Officer Rodriguez and his partner brought the defendant back to the precinct (Hearing Transcript, May 1, 2007, page 97). After the defendant had been placed in a holding area, Officer Rodriguez inventoried the defendant's belongings including the cell phone (Hearing Transcript, May 1, 2007, page 101). During the inventory process, Officer Rodriguez flipped open the cell phone and examined stored video and still images "expecting to see one of the images that I observed on the platform." (Hearing Transcript, May 1, 2007, page 104). The officer had to progress through approximately five steps to access the video and still images (Hearing Transcript, May 1, 2007, page 116). Officer Rodriguez further testified that this [*3]was his first arrest involving seizure of a cell phone and that he subsequently learned the correct procedure to follow in order to examine images on a cell phone is to obtain a search warrant (Hearing Transcript, May 1, 2007, page 121).

Officer Bradshaw testified that he had been a police officer for about two and a half years and that he has made approximately sixty-five arrests (Hearing Transcript, May 1, 2007, pages 60-62). Additionally, as a member of the Transit Bureau, Officer Bradshaw testified that he had received specialized training in identifying pick pockets and people engaged in sexual abuse and forcible touching (Hearing Transcript, May 1, 2007, page 61).

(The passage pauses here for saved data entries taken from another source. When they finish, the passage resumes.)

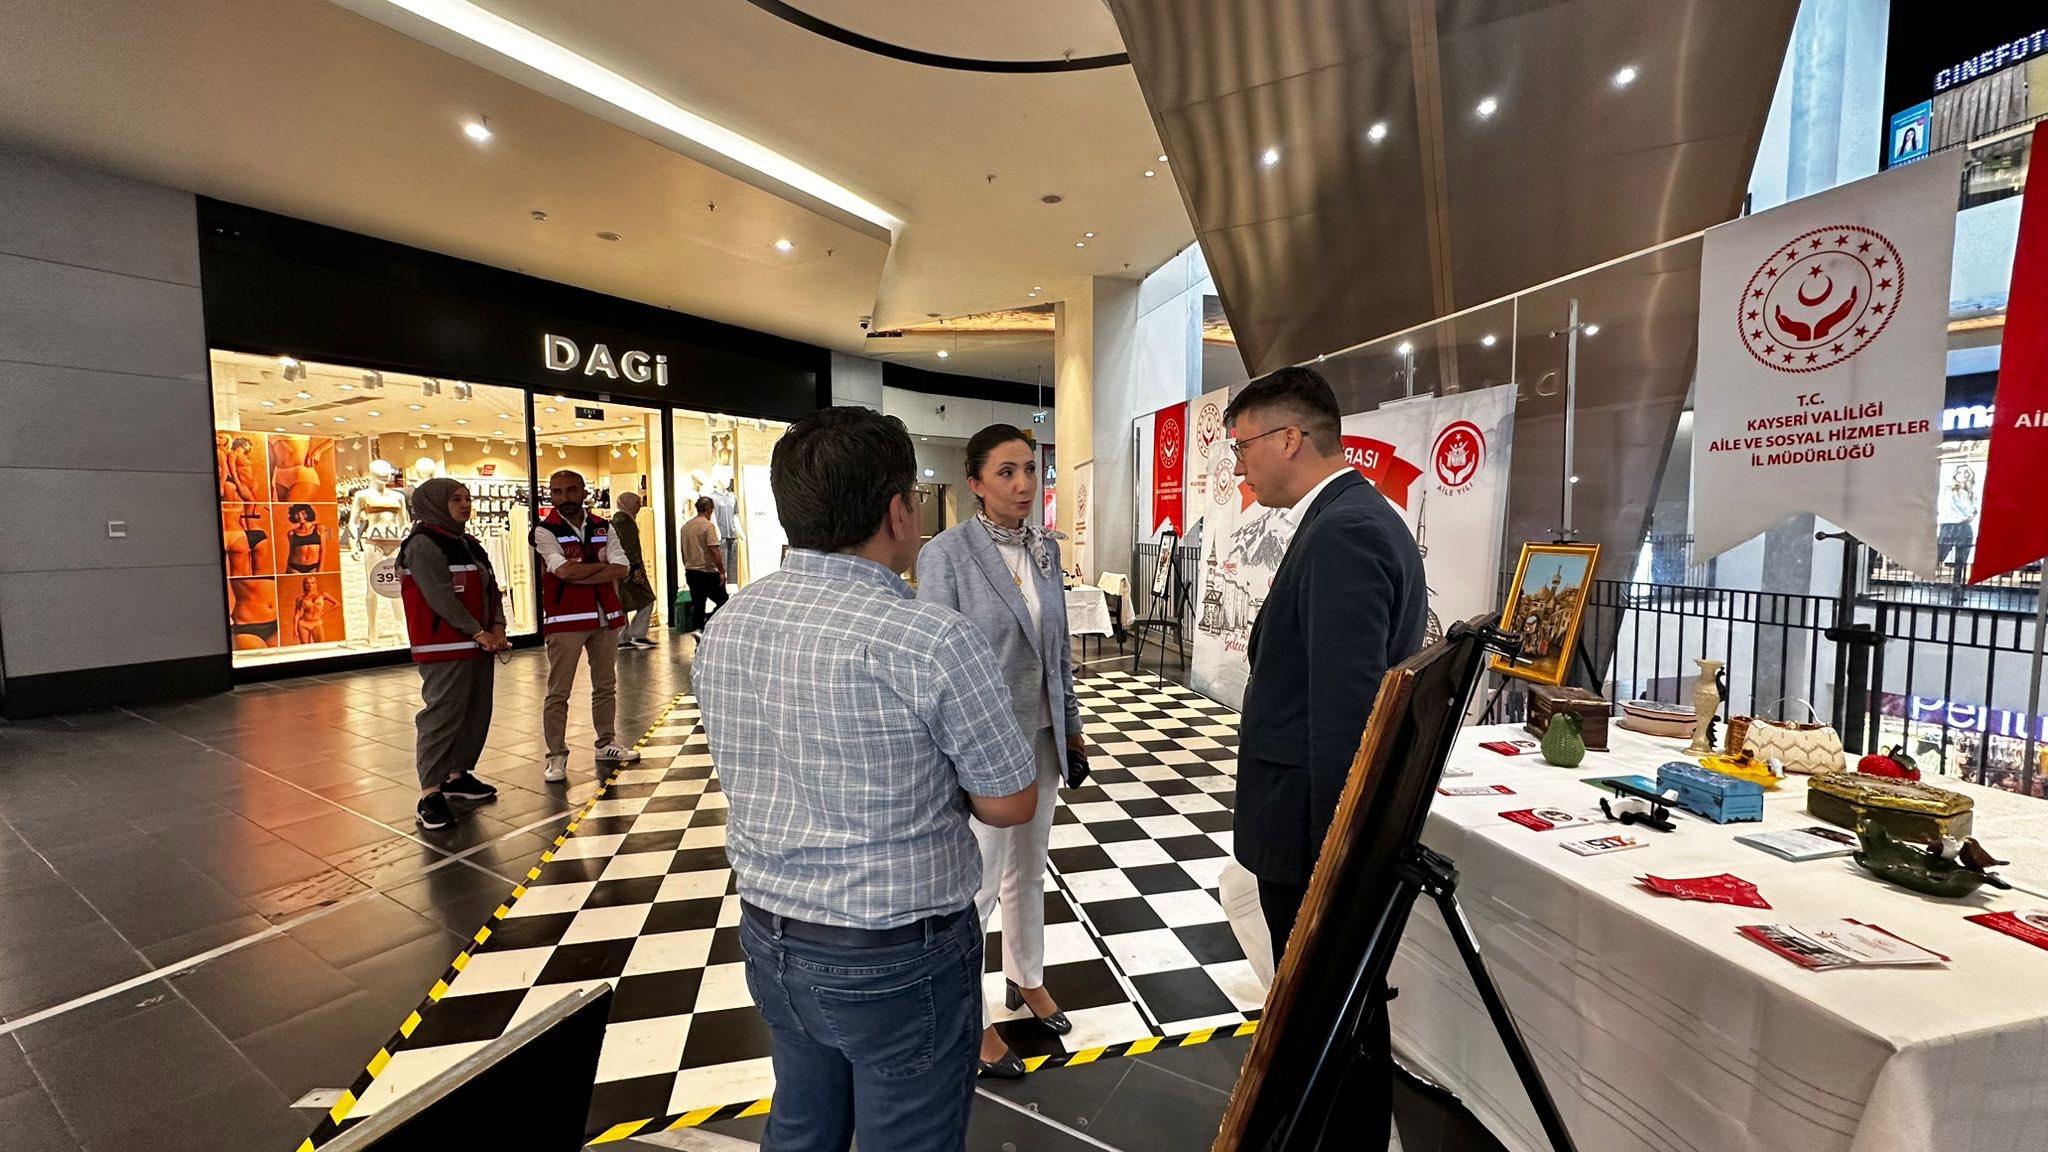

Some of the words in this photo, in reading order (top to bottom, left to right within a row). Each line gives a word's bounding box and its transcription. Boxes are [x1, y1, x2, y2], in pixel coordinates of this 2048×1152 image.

[1935, 29, 2048, 90] CINEFOT
[1797, 393, 1825, 407] T.C.
[1747, 411, 1808, 431] KAYSERİ
[1811, 401, 1883, 424] VALİLİĞİ
[1709, 438, 1741, 452] AİLE
[1744, 437, 1762, 449] VE
[1766, 431, 1825, 447] SOSYAL
[1829, 419, 1930, 442] HİZMETLER
[1343, 447, 1379, 469] RASI
[1751, 452, 1764, 467] İL
[1768, 443, 1875, 465] MÜDÜRLÜĞÜ

Officer Bradshaw testified that Officer Rodriguez used a hand signal to indicate that he was observing the defendant with his cell phone out (Hearing Transcript, May 1, 2007, pages 64). Officer Bradshaw boarded the subway at the Union Square station and maintained eye and hand signal contact with Officer Rodriguez until both Officer Rodriguez and the defendant exited the train at the Grand Central station (Hearing Transcript, May 1, 2007, pages 64-68). Officer Bradshaw then stopped the defendant, identified himself as a police officer and asked for identification (Hearing Transcript, May 1, 2007, pages 68). The defendant gave Officer Bradshaw identification and about one minute later, Officer Rodriguez approached and signaled to place the defendant under arrest (Hearing Transcript, May 1, 2007, pages 69). Officer Bradshaw told the defendant to turn around and place his hands behind his back and the defendant asked why he was being arrested (Hearing Transcript, May 1, 2007, pages 69). When Officer Bradshaw answered that he was being arrested for sex abuse, the defendant stated "I didn't touch anybody." (Hearing Transcript, May 1, 2007, pages 70). After this statement, Officer Bradshaw placed handcuffs on the defendant and patted him down (Hearing Transcript, May 1, 2007, pages 71). The officer recovered defendant's cell phone and wallet (Hearing Transcript, May 1, 2007, pages 71). Neither the prosecutor nor defense counsel asked Officer Bradshaw whether he informed the defendant of his Miranda rights.

CONCLUSIONS OF LAW

Motion to Dismiss the count of Forcible Touching

An information is facially sufficient if the factual section contains allegations of an evidentiary nature demonstrating reasonable cause to believe that the defendant committed the offense charged (CPL  100.15; CPL  100.40[1][b]). The facts must be supported by non-hearsay allegations which establish, if true, every element of the charged offense (CPL  100.40[1][c]; People v. Alejandro, 70 NY2d 133, 135 [1987]). The standard for pleading a prima-facie case is lesser than the heavy burden of proof beyond a reasonable doubt required at trial (see People v Henderson, 92 NY2d 677, 680 [1999]). While the factual allegations of an information must give the defendant sufficient notice to prepare a defense and prevent the defendant from being twice tried for the same offense, they should be given a fair and not overly restrictive reading (see People v. Casey, 95 NY2d 354, 360 [2000]). When assessing the facial sufficiency of an accusatory instrument, a court must view the facts in the light most favorable to the People (see People v. Gonzalez, 184 Misc 2d 262, 708 N.Y.S.2d 564 [App Term, 1st Dept 2000], lv. denied 95 NY2d 835 [2000]). However, conclusory allegations are insufficient (see People v Dumas, 68 NY2d 729 [1986]) and a court need not ignore common sense or the significance of the alleged conduct in determining facial sufficiency (Gonzalez, 184 Misc 2d at 264).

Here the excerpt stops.